Segment Start: DATASET EXCERPTS

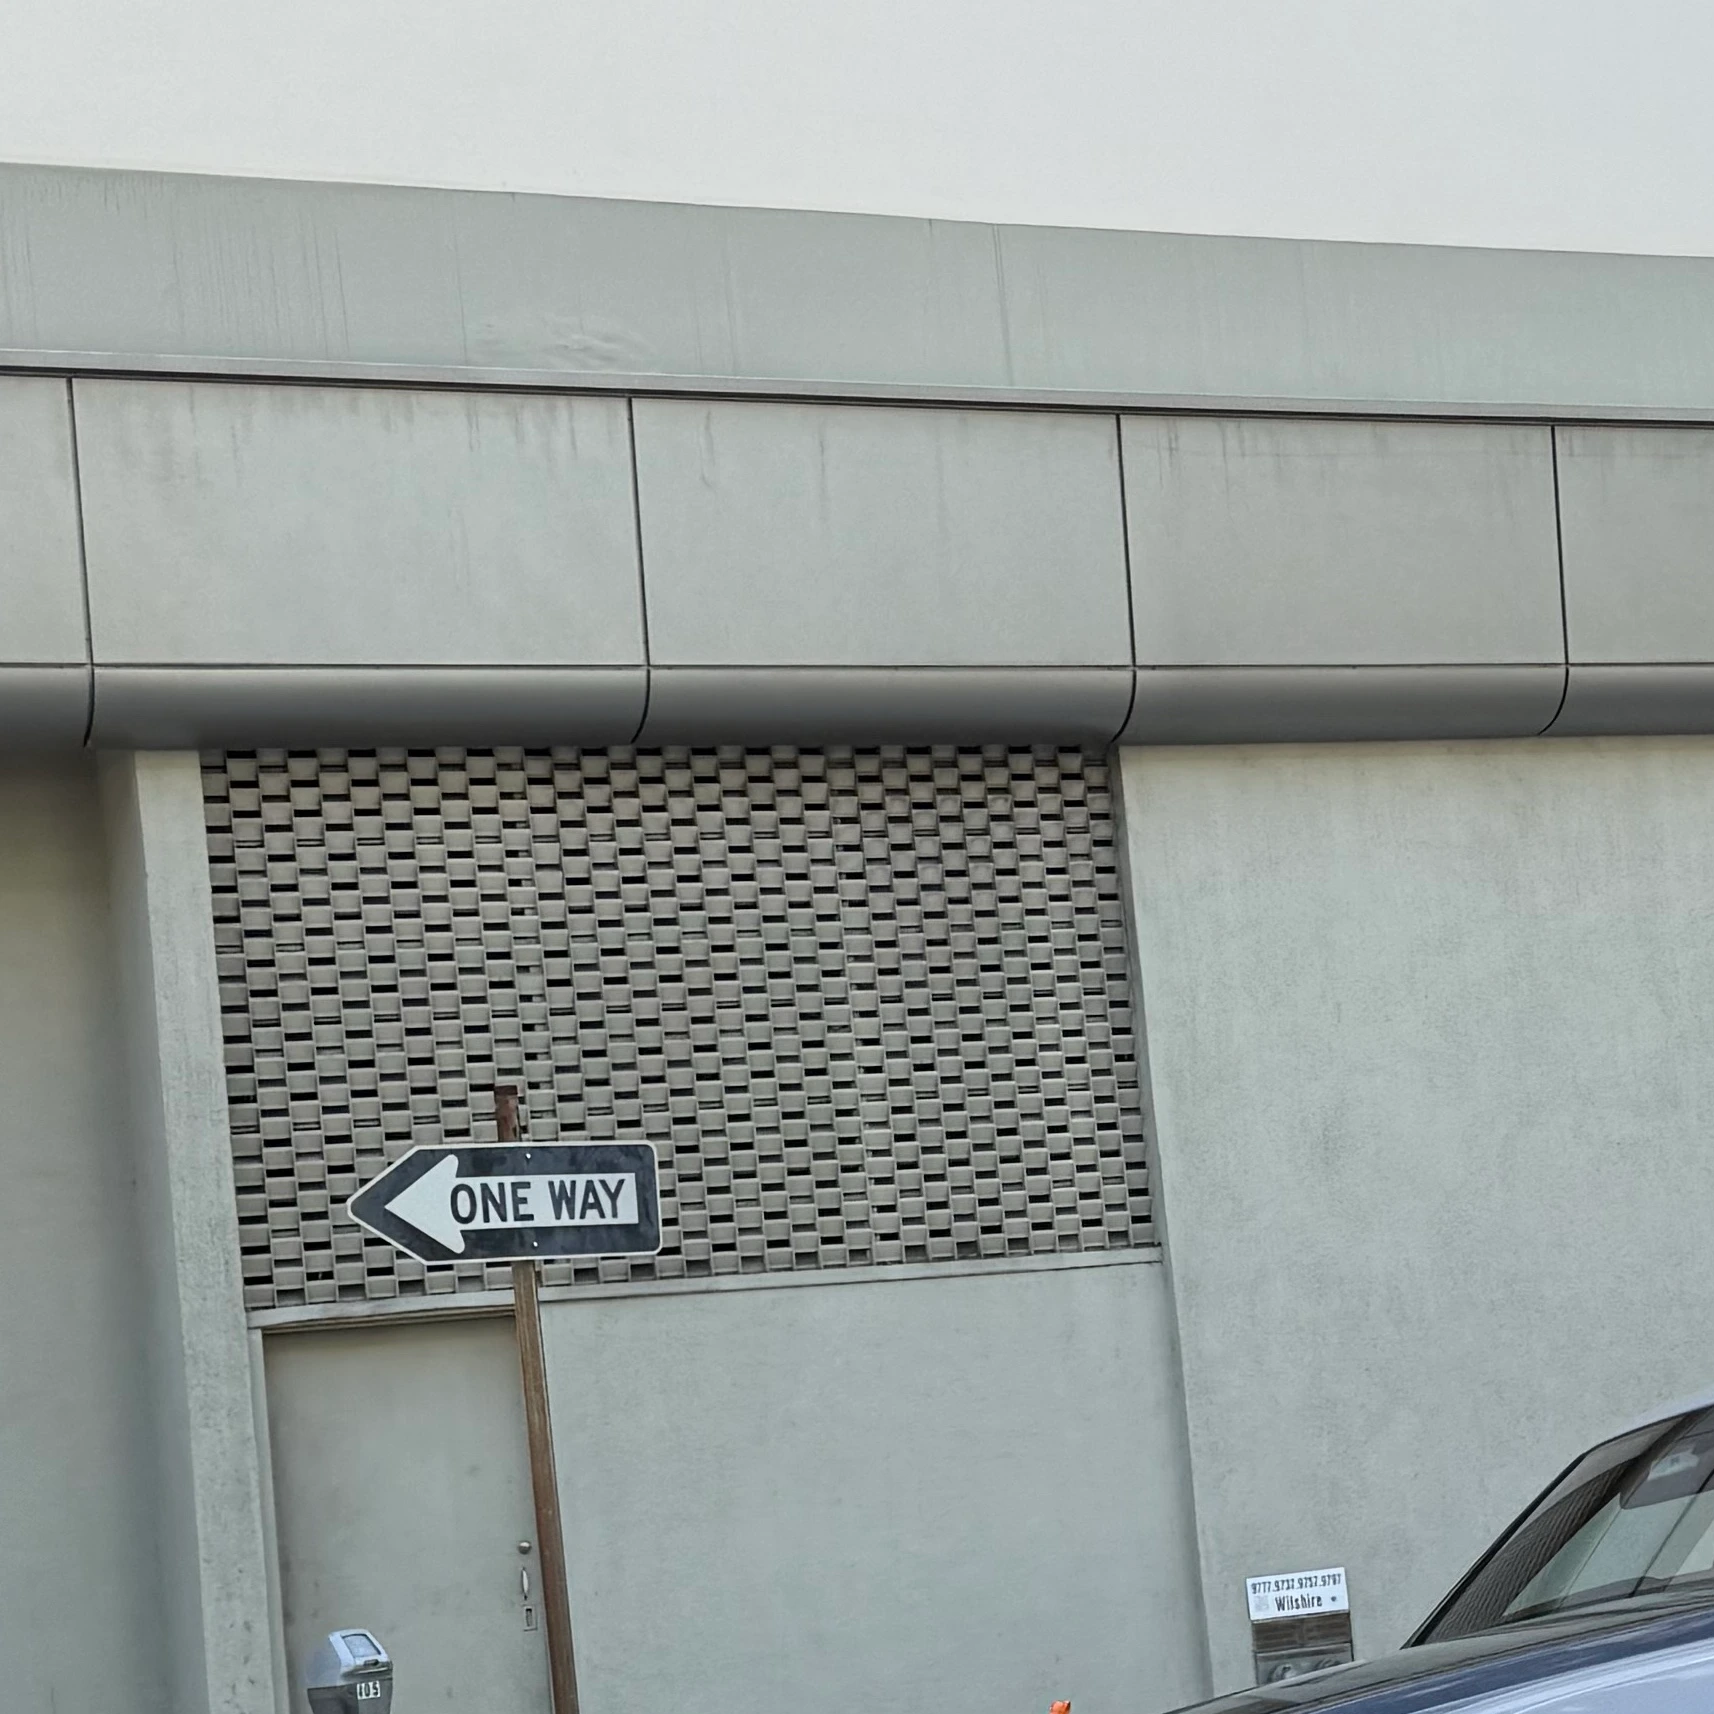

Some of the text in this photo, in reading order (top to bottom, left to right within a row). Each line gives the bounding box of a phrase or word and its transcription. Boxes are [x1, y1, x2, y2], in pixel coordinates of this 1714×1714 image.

[450, 1178, 626, 1225] ONE WAY
[1275, 1593, 1323, 1611] Wilshire
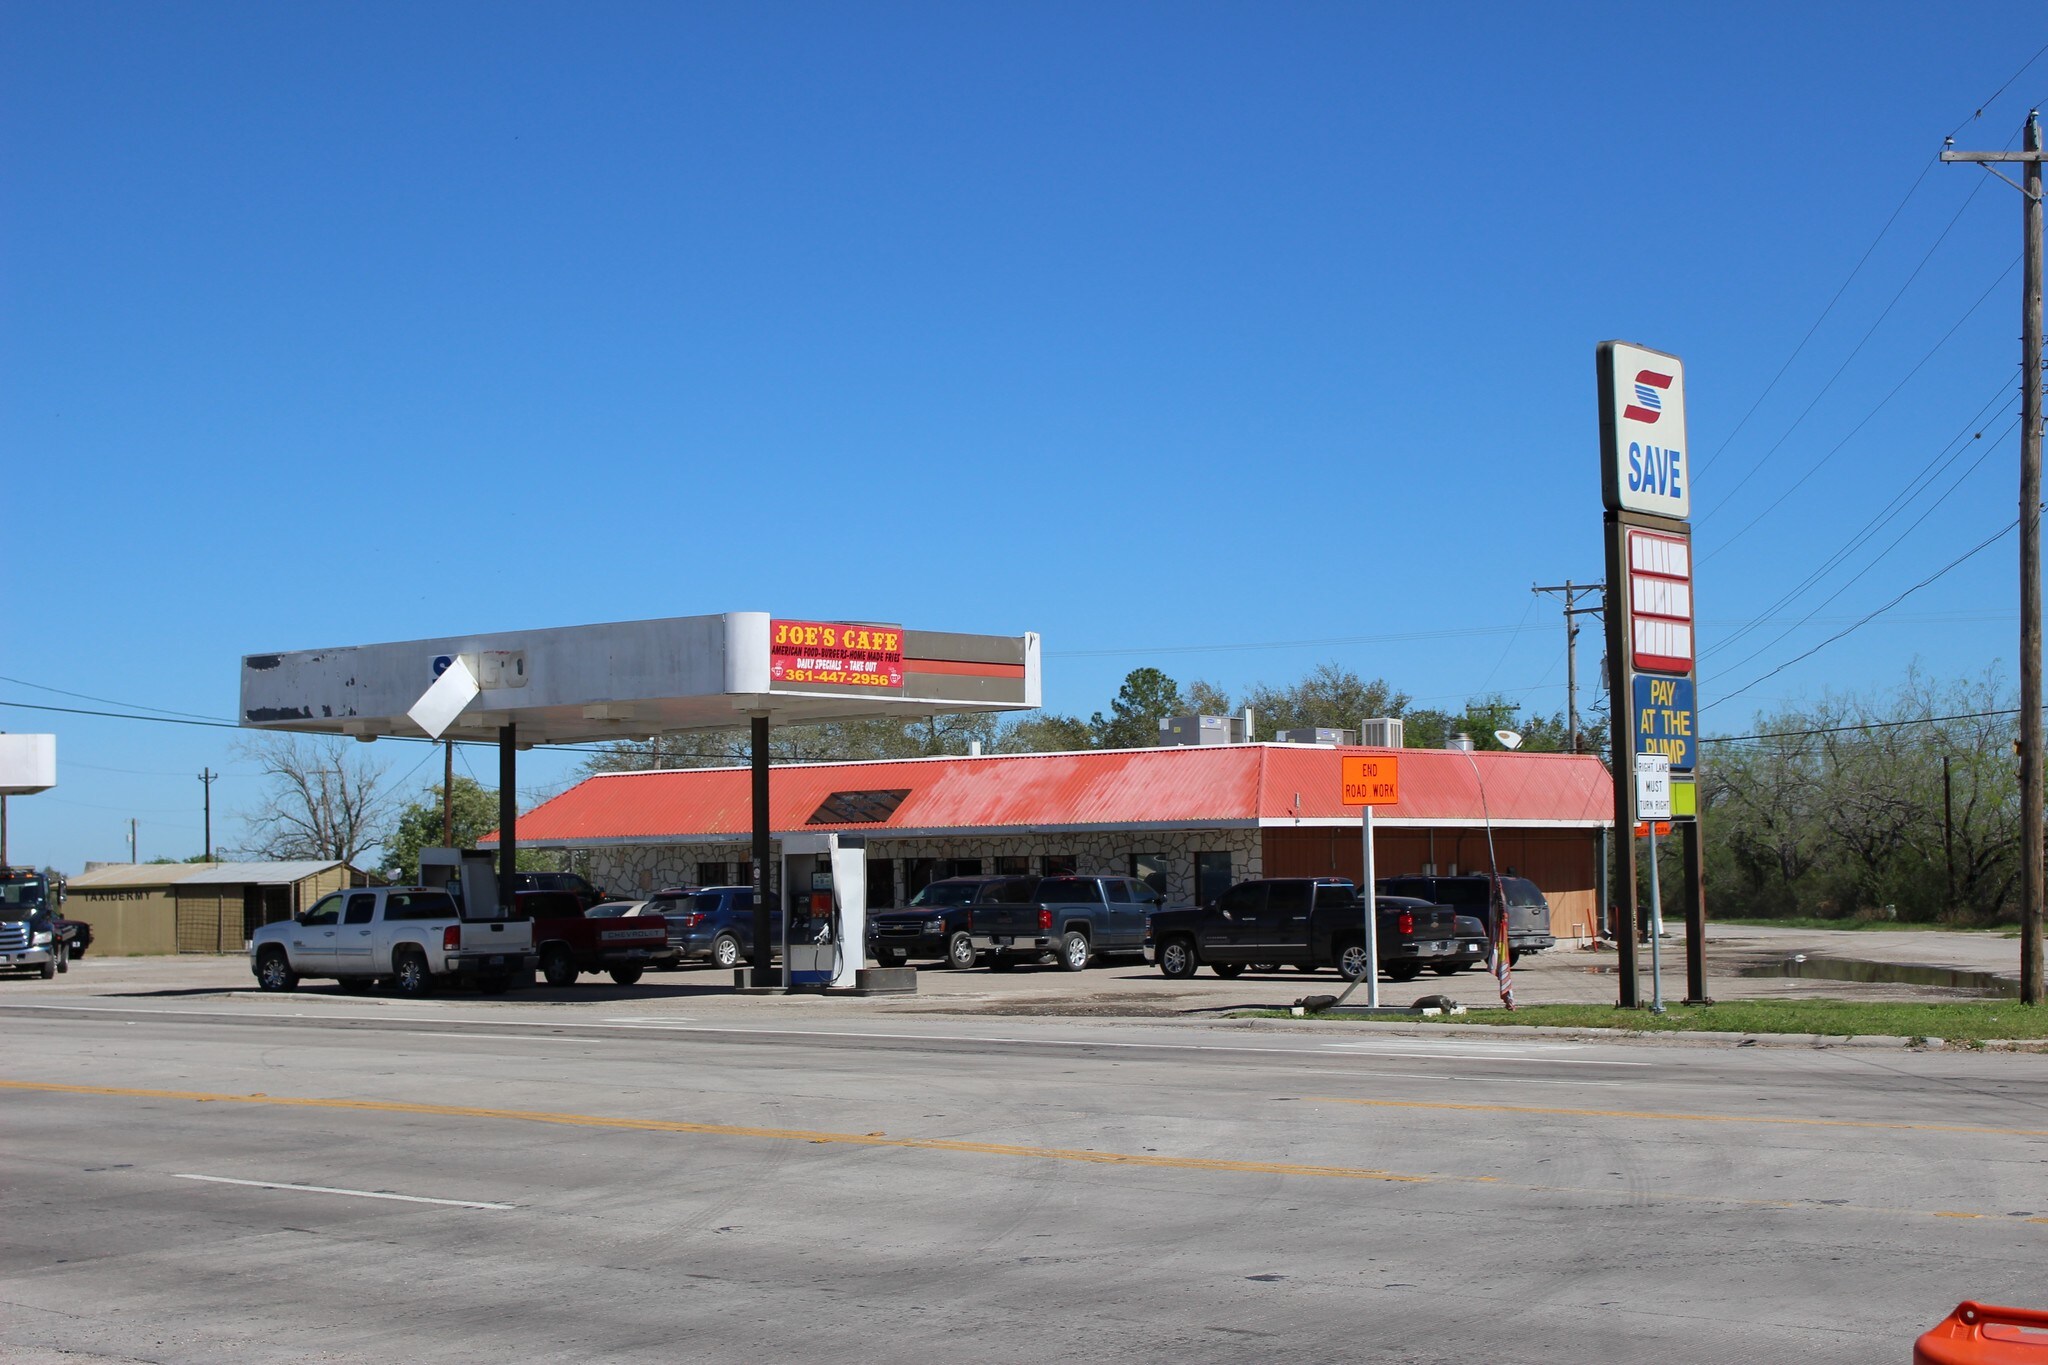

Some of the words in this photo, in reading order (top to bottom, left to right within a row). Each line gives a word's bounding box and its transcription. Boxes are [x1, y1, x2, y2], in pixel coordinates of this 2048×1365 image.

[1628, 441, 1681, 499] SAVE
[775, 625, 836, 647] JOE'S
[842, 629, 898, 651] CAFE
[771, 645, 803, 656] AMERICAN
[867, 651, 884, 661] MADE
[885, 653, 900, 662] FRIES
[797, 658, 815, 669] DAILY
[815, 659, 842, 670] SPECIALS
[850, 661, 864, 672] TAKE
[865, 661, 877, 672] OUT
[786, 669, 889, 685] 361-447-2956
[1651, 679, 1676, 706] PAY
[1640, 709, 1656, 734] AT
[1661, 711, 1692, 736] THE
[1362, 763, 1377, 777] END
[1638, 762, 1654, 773] RIGHT
[1656, 763, 1669, 773] LANE
[1345, 784, 1367, 797] ROAD
[1372, 784, 1395, 797] WORK
[1646, 781, 1662, 793] MUST
[1640, 800, 1654, 810] TURN
[1655, 800, 1669, 810] RIGHT
[84, 889, 151, 902] TAXIDERMY
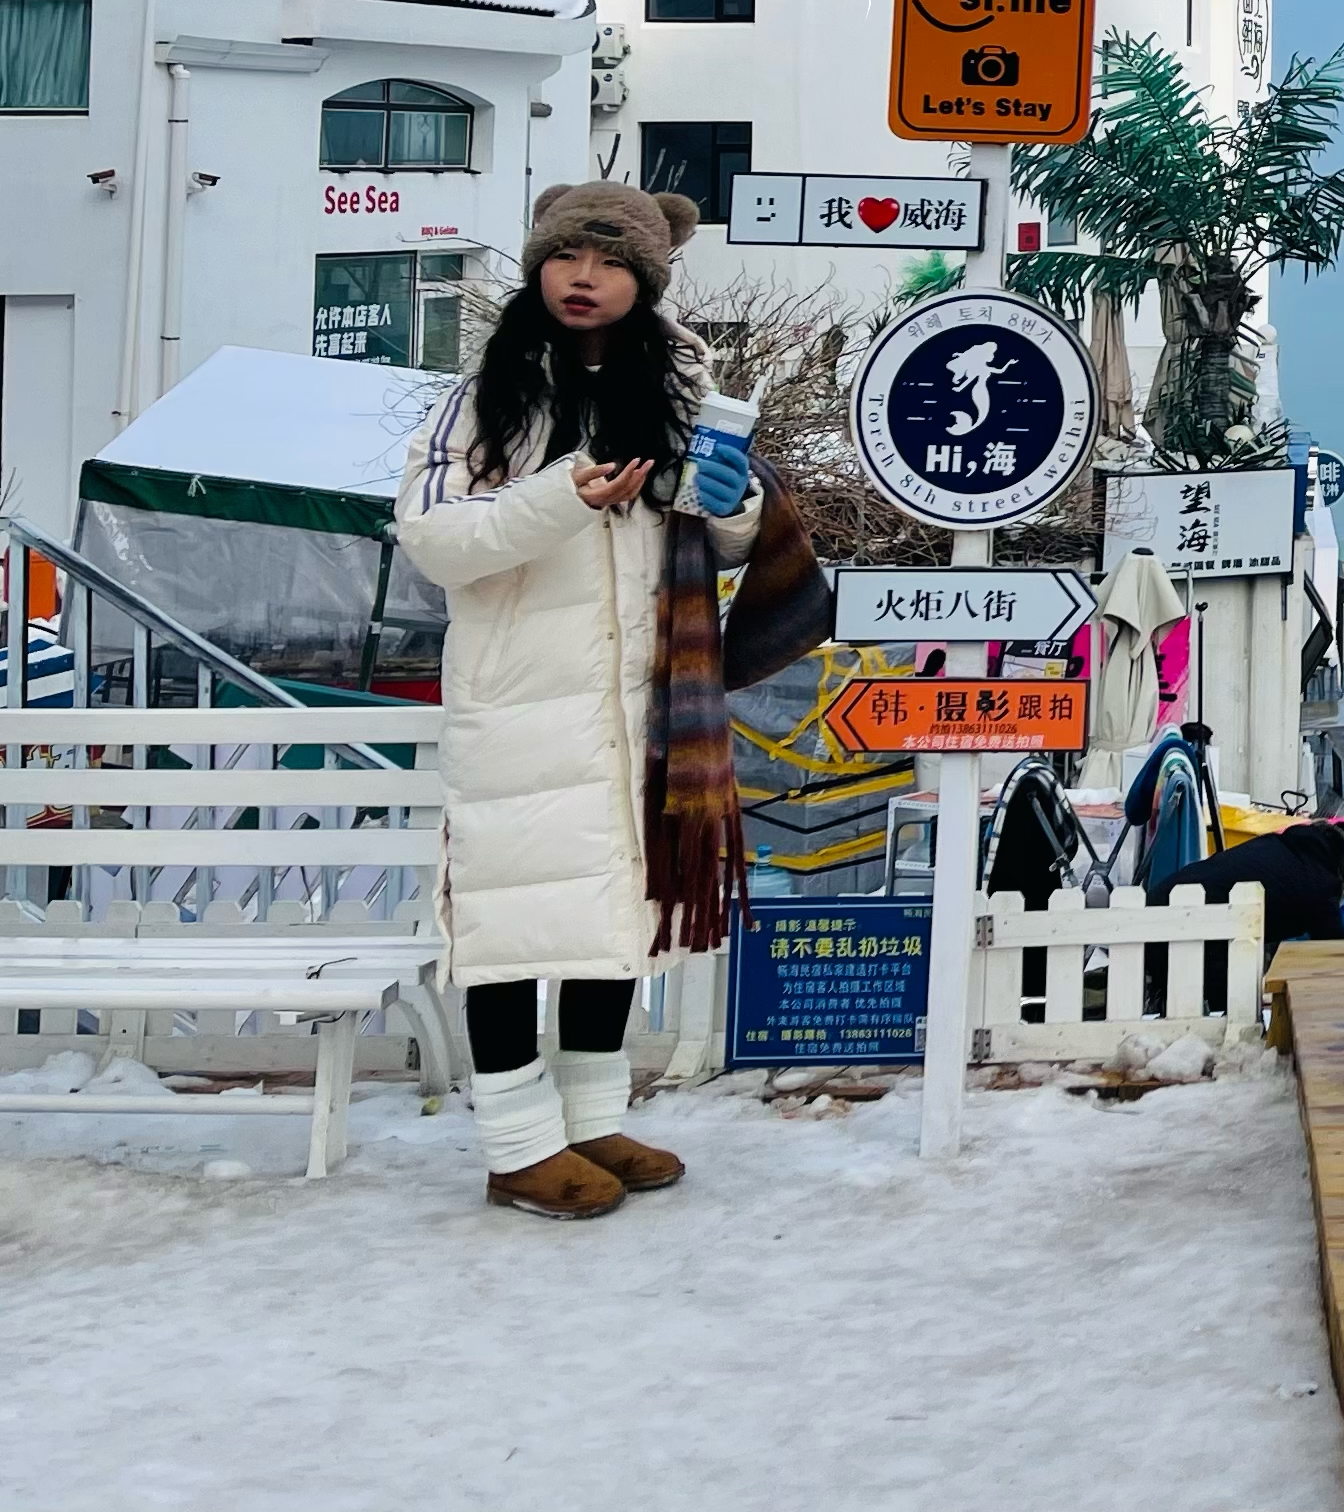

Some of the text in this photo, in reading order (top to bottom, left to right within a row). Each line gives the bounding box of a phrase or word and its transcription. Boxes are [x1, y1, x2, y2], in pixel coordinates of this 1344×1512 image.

[995, 97, 1053, 121] Stay
[324, 185, 399, 214] See Sea
[819, 196, 968, 232] 我 威海
[315, 303, 392, 330] 允许本店客人
[958, 305, 993, 323] 토치
[1007, 312, 1055, 345] 8번가
[314, 331, 368, 357] 先富起来
[868, 393, 1086, 513] Torch 8th street weihai
[1177, 480, 1212, 553] 望海
[873, 589, 1019, 622] 火炬八街
[770, 936, 923, 959] 请不要乱扔垃圾

Segment End: DATASET EXCERPTS

• [EXERCISE DIRECTIONS] Without the pictures, retype the whole of the material above exactly.

• [OUTPUT OF THE EXERCISE]
Some of the text in this photo, in reading order (top to bottom, left to right within a row). Each line gives the bounding box of a phrase or word and its transcription. Boxes are [x1, y1, x2, y2], in pixel coordinates of this 1714×1714 image.

[450, 1178, 626, 1225] ONE WAY
[1275, 1593, 1323, 1611] Wilshire

Some of the words in this photo, in reading order (top to bottom, left to right within a row). Each line gives a word's bounding box and its transcription. Boxes are [x1, y1, x2, y2], in pixel coordinates of this 2048×1365 image.

[1628, 441, 1681, 499] SAVE
[775, 625, 836, 647] JOE'S
[842, 629, 898, 651] CAFE
[771, 645, 803, 656] AMERICAN
[867, 651, 884, 661] MADE
[885, 653, 900, 662] FRIES
[797, 658, 815, 669] DAILY
[815, 659, 842, 670] SPECIALS
[850, 661, 864, 672] TAKE
[865, 661, 877, 672] OUT
[786, 669, 889, 685] 361-447-2956
[1651, 679, 1676, 706] PAY
[1640, 709, 1656, 734] AT
[1661, 711, 1692, 736] THE
[1362, 763, 1377, 777] END
[1638, 762, 1654, 773] RIGHT
[1656, 763, 1669, 773] LANE
[1345, 784, 1367, 797] ROAD
[1372, 784, 1395, 797] WORK
[1646, 781, 1662, 793] MUST
[1640, 800, 1654, 810] TURN
[1655, 800, 1669, 810] RIGHT
[84, 889, 151, 902] TAXIDERMY

Some of the text in this photo, in reading order (top to bottom, left to right within a row). Each line gives the bounding box of a phrase or word and its transcription. Boxes are [x1, y1, x2, y2], in pixel coordinates of this 1344×1512 image.

[995, 97, 1053, 121] Stay
[324, 185, 399, 214] See Sea
[819, 196, 968, 232] 我 威海
[315, 303, 392, 330] 允许本店客人
[958, 305, 993, 323] 토치
[1007, 312, 1055, 345] 8번가
[314, 331, 368, 357] 先富起来
[868, 393, 1086, 513] Torch 8th street weihai
[1177, 480, 1212, 553] 望海
[873, 589, 1019, 622] 火炬八街
[770, 936, 923, 959] 请不要乱扔垃圾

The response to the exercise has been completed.